— Work instruction —
At the line with "this 1338×1504 image.", start repeating the data, and continue line by line through the final line, exactly.

— Supplied information —
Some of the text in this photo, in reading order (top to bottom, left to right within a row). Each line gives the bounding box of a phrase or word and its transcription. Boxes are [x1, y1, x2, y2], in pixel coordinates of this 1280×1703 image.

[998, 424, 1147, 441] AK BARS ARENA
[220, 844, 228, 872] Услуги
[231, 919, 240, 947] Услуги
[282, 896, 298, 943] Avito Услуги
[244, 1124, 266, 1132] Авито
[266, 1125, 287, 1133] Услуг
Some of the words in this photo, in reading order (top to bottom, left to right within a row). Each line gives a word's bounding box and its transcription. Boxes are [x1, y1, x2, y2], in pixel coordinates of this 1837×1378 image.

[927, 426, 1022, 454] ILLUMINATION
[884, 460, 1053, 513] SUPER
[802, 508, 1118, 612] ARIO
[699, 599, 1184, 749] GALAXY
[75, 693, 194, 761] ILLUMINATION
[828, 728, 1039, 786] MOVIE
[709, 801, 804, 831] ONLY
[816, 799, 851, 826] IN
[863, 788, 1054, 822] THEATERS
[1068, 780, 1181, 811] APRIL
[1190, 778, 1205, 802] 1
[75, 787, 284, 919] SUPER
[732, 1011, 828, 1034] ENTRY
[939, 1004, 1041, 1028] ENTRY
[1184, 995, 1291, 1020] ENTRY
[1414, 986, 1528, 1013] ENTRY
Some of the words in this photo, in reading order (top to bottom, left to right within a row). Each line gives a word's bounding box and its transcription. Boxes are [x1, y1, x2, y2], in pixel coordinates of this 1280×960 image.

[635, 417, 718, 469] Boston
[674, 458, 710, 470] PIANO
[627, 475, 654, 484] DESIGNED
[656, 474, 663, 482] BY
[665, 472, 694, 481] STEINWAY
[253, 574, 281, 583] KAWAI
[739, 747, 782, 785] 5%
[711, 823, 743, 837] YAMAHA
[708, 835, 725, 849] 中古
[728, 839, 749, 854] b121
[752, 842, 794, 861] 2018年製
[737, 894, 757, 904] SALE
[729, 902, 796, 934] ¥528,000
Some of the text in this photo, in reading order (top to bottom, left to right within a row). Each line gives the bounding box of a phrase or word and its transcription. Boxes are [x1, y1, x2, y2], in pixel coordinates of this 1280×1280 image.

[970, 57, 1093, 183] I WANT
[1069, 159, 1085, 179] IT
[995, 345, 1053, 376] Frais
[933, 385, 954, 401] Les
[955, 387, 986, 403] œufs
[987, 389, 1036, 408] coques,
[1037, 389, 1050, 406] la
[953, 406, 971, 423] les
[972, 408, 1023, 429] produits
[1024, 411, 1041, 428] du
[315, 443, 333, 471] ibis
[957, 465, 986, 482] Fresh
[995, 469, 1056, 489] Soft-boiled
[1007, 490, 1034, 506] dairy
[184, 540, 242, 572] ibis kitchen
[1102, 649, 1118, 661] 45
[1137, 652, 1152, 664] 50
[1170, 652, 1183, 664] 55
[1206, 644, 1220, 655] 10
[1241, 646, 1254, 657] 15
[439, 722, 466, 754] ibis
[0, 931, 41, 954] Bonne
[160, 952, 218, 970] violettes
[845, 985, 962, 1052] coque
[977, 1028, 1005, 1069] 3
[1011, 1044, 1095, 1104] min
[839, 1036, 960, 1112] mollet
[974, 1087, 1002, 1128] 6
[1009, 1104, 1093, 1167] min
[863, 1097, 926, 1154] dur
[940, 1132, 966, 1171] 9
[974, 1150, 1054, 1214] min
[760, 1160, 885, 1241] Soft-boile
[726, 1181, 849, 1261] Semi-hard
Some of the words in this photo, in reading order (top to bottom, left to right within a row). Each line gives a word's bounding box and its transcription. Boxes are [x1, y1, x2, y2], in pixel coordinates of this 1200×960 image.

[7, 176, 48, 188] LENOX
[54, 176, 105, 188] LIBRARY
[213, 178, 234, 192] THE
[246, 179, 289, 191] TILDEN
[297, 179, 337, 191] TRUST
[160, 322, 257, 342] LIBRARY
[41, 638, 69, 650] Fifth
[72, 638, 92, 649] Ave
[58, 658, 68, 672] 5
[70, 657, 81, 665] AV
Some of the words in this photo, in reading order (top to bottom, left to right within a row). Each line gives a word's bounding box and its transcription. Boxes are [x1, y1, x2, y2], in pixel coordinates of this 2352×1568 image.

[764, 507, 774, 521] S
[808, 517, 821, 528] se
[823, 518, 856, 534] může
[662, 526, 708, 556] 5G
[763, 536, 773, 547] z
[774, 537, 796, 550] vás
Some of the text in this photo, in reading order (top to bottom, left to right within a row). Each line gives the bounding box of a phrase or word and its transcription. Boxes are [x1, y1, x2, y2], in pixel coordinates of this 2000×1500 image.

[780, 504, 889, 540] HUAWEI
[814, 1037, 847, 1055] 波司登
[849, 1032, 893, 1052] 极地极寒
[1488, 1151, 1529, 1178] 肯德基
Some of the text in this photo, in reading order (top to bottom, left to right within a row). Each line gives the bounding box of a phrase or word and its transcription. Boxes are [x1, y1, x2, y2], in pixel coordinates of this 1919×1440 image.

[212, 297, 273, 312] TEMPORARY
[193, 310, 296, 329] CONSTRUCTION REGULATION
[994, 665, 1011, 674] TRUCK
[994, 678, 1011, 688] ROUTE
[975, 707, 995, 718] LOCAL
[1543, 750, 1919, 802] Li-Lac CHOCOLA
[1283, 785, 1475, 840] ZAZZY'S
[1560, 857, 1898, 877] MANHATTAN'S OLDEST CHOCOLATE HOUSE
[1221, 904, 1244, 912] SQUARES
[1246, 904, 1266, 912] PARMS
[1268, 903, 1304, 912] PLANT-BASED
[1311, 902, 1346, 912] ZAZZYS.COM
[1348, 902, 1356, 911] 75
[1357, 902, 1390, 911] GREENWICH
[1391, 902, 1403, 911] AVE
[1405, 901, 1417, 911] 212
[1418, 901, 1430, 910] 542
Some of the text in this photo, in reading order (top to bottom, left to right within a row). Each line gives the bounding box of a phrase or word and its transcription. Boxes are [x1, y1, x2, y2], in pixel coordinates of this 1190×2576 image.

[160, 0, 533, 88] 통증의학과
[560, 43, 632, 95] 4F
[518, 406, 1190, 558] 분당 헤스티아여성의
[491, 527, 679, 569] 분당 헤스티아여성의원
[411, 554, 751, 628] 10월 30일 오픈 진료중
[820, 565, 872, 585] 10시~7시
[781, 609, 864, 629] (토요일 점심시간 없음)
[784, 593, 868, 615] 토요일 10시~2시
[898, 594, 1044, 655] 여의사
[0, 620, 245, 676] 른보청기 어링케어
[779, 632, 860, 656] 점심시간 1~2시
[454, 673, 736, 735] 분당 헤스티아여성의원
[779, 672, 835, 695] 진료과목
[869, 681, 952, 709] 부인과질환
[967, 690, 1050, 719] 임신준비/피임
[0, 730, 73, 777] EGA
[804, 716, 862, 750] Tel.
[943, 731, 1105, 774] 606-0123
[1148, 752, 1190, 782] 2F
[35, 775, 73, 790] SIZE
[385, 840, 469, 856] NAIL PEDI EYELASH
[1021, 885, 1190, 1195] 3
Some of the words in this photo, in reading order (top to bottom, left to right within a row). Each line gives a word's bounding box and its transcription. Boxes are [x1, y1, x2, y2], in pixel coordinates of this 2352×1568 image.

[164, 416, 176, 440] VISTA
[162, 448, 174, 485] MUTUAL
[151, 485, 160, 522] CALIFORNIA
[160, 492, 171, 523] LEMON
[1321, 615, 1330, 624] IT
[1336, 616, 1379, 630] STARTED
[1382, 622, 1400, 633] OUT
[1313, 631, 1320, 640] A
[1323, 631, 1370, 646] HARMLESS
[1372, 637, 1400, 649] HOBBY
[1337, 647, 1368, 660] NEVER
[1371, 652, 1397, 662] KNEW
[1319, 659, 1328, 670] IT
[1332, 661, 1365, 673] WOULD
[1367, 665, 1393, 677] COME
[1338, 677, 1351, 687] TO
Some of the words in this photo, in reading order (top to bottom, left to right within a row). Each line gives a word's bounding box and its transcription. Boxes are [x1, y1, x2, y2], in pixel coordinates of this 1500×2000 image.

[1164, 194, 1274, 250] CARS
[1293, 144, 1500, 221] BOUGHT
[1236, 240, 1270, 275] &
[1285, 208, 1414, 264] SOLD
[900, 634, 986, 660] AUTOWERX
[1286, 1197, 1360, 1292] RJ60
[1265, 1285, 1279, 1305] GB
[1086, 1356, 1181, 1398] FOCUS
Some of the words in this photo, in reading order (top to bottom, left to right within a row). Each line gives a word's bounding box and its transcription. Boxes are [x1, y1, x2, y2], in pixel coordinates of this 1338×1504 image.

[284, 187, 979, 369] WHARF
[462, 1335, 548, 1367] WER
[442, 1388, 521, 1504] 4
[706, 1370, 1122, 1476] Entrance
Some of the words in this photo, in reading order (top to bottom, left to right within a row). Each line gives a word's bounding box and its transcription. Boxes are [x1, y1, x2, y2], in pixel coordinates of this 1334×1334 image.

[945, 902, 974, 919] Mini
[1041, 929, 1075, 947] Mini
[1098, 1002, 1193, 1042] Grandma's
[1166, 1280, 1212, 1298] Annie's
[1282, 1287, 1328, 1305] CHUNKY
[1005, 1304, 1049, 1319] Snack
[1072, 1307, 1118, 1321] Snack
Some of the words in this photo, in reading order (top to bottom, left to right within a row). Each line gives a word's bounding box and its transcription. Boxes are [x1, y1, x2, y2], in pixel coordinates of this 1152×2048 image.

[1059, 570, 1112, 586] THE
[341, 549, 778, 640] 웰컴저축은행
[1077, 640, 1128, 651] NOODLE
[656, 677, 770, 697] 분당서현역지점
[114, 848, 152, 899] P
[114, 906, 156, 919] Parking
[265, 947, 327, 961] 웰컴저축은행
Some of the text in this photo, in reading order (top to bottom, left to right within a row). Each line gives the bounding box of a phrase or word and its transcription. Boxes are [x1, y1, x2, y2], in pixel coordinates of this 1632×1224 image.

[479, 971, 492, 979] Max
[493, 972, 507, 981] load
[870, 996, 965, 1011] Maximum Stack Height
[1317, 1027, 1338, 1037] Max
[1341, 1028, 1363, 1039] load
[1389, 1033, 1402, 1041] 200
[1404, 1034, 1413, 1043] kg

— Output of the task —
Some of the words in this photo, in reading order (top to bottom, left to right within a row). Each line gives a word's bounding box and its transcription. Boxes are [x1, y1, x2, y2], in pixel coordinates of this 1338×1504 image.

[284, 187, 979, 369] WHARF
[462, 1335, 548, 1367] WER
[442, 1388, 521, 1504] 4
[706, 1370, 1122, 1476] Entrance
Some of the words in this photo, in reading order (top to bottom, left to right within a row). Each line gives a word's bounding box and its transcription. Boxes are [x1, y1, x2, y2], in pixel coordinates of this 1334×1334 image.

[945, 902, 974, 919] Mini
[1041, 929, 1075, 947] Mini
[1098, 1002, 1193, 1042] Grandma's
[1166, 1280, 1212, 1298] Annie's
[1282, 1287, 1328, 1305] CHUNKY
[1005, 1304, 1049, 1319] Snack
[1072, 1307, 1118, 1321] Snack
Some of the words in this photo, in reading order (top to bottom, left to right within a row). Each line gives a word's bounding box and its transcription. Boxes are [x1, y1, x2, y2], in pixel coordinates of this 1152×2048 image.

[1059, 570, 1112, 586] THE
[341, 549, 778, 640] 웰컴저축은행
[1077, 640, 1128, 651] NOODLE
[656, 677, 770, 697] 분당서현역지점
[114, 848, 152, 899] P
[114, 906, 156, 919] Parking
[265, 947, 327, 961] 웰컴저축은행
Some of the text in this photo, in reading order (top to bottom, left to right within a row). Each line gives the bounding box of a phrase or word and its transcription. Boxes are [x1, y1, x2, y2], in pixel coordinates of this 1632×1224 image.

[479, 971, 492, 979] Max
[493, 972, 507, 981] load
[870, 996, 965, 1011] Maximum Stack Height
[1317, 1027, 1338, 1037] Max
[1341, 1028, 1363, 1039] load
[1389, 1033, 1402, 1041] 200
[1404, 1034, 1413, 1043] kg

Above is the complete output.